A principios del siglo XX, tras universalizarse en Francia la escolarización infantil, el profesor Alfred Binet se planteó que era necesaria una herramienta para poder comprender las necesidades específicas de cada persona. Una buena parte del alumnado aprendía y evolucionaba correctamente con el modelo básico de educación, pero había otra parte que, por disparidades de origen social, por problemas idiomáticos, por situaciones familiares difíciles, incluso por características específicas de cada niño, requerían una atención más personalizada a fin de que pudieran aprovechar esa educación. En esos años se barajaban ideas que hoy se nos antojan ridículas, como la forma y tamaño de la cabeza, la proporción corporal, la expresión del rostro o el color de la piel para prejuzgar la inteligencia de las personas. Binet opinaba que eso sólo eran ideas discriminatorias y que se necesitaba un baremo intelectual, no físico. Aunque era consciente de que la inteligencia es un conjunto muy complejo de características, y eso implicaba que cualquier herramienta que desarrollara sólo mediría algunas de ellas, logró poner a punto lo que se llamó posteriormente el cuestionario Binet-Simon, el primer test de inteligencia del mundo. Claro que en esos años no se usaban conceptos como Coeficiente Intelectual, sino el de edad mental.

Con su cuestionario, Binet podía identificar a los alumnos a los que debía prestar más atención y apoyo, pero era consciente, y alertó, de que un mal uso de su herramienta podía llevar a una discriminación de los alumnos con problemas. Eso es lo que sucedió: en vez de dedicar más recursos a quienes los necesitaban, se empezó a dejar de lado a los niños y niñas que, en los resultados del test, eran catalogados como débiles mentales.
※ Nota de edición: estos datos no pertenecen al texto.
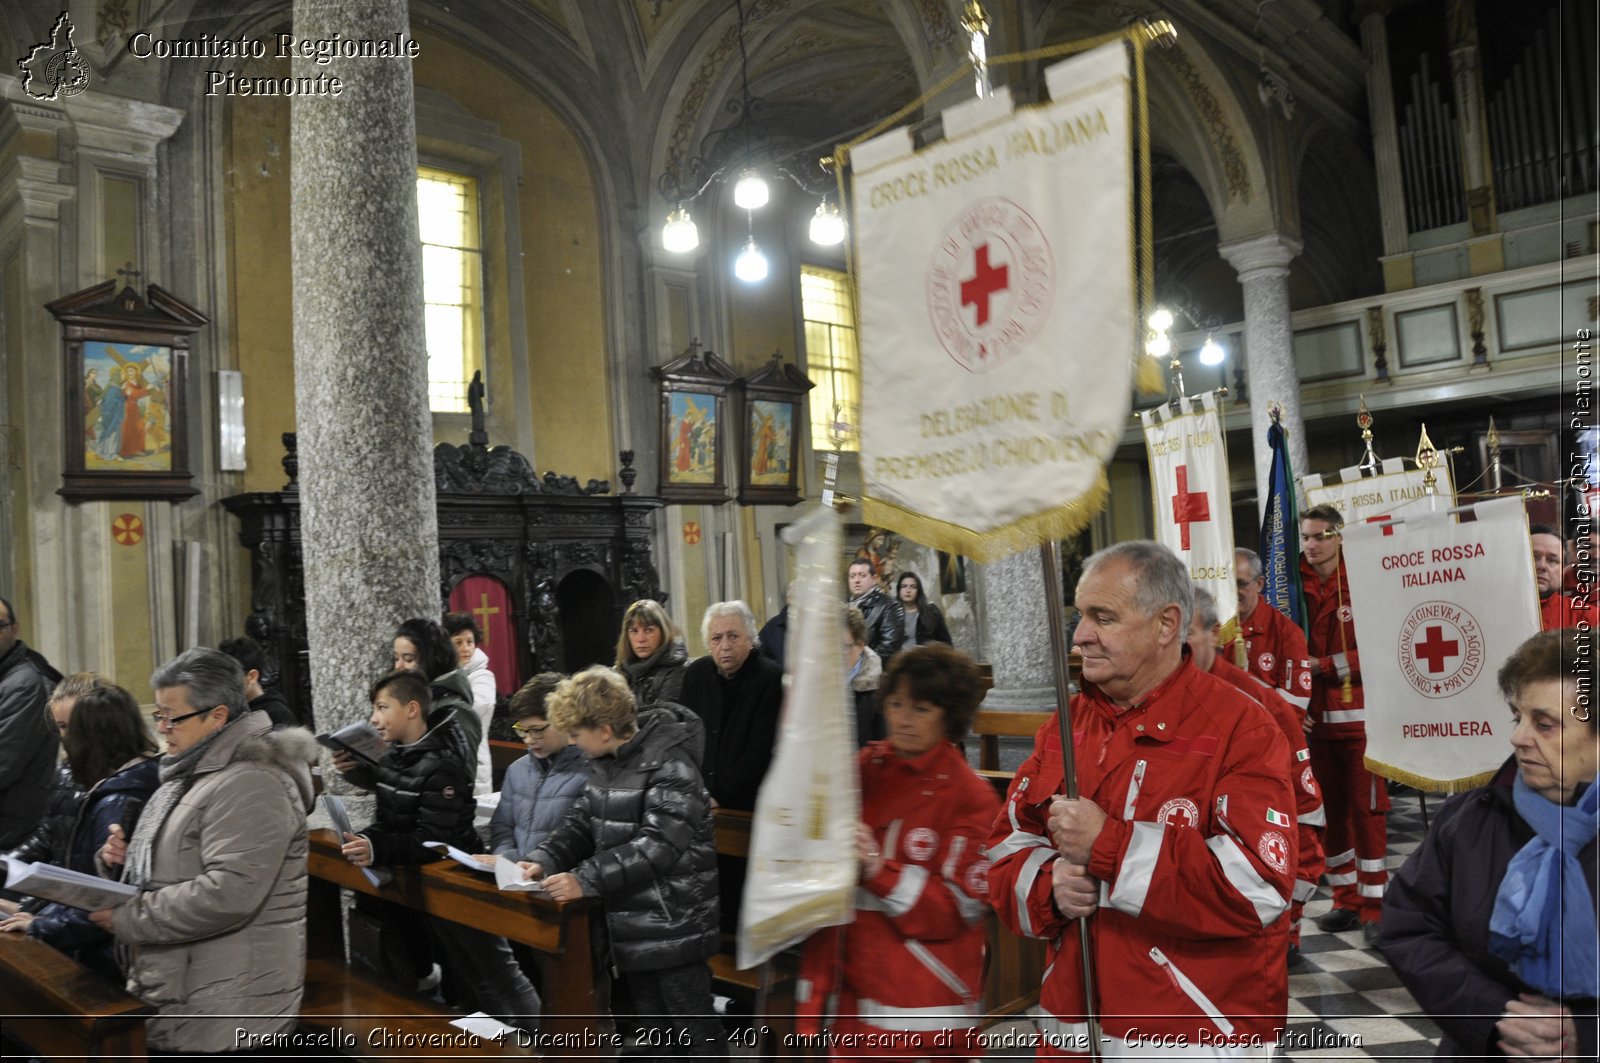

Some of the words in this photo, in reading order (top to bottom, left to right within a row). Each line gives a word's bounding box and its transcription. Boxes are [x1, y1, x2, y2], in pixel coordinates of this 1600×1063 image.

Estos planteamientos cayeron en medio de las ideas sobre eugenesia que proliferaban en la primera mitad del siglo XX, formando un caldo de cultivo perfecto para convertir la medición de la inteligencia en una excusa con patina científica para justificar cualquier política segregacionista. En Francia, se empezó a tildar de nidos de idiocia a determinadas regiones periféricas, como Calais, señalando que el rendimiento escolar de sus niños era inferior al de otras regiones. El hecho de que el habla de esas zonas fuera diferente al francés oficial en el que se impartían las clases nunca fue tenido en cuenta, como no se tenían en cuenta las condiciones sociales, económicas y familiares de los niños. Los palurdos eran tontos, luego probablemente eran palurdos porque eran tontos.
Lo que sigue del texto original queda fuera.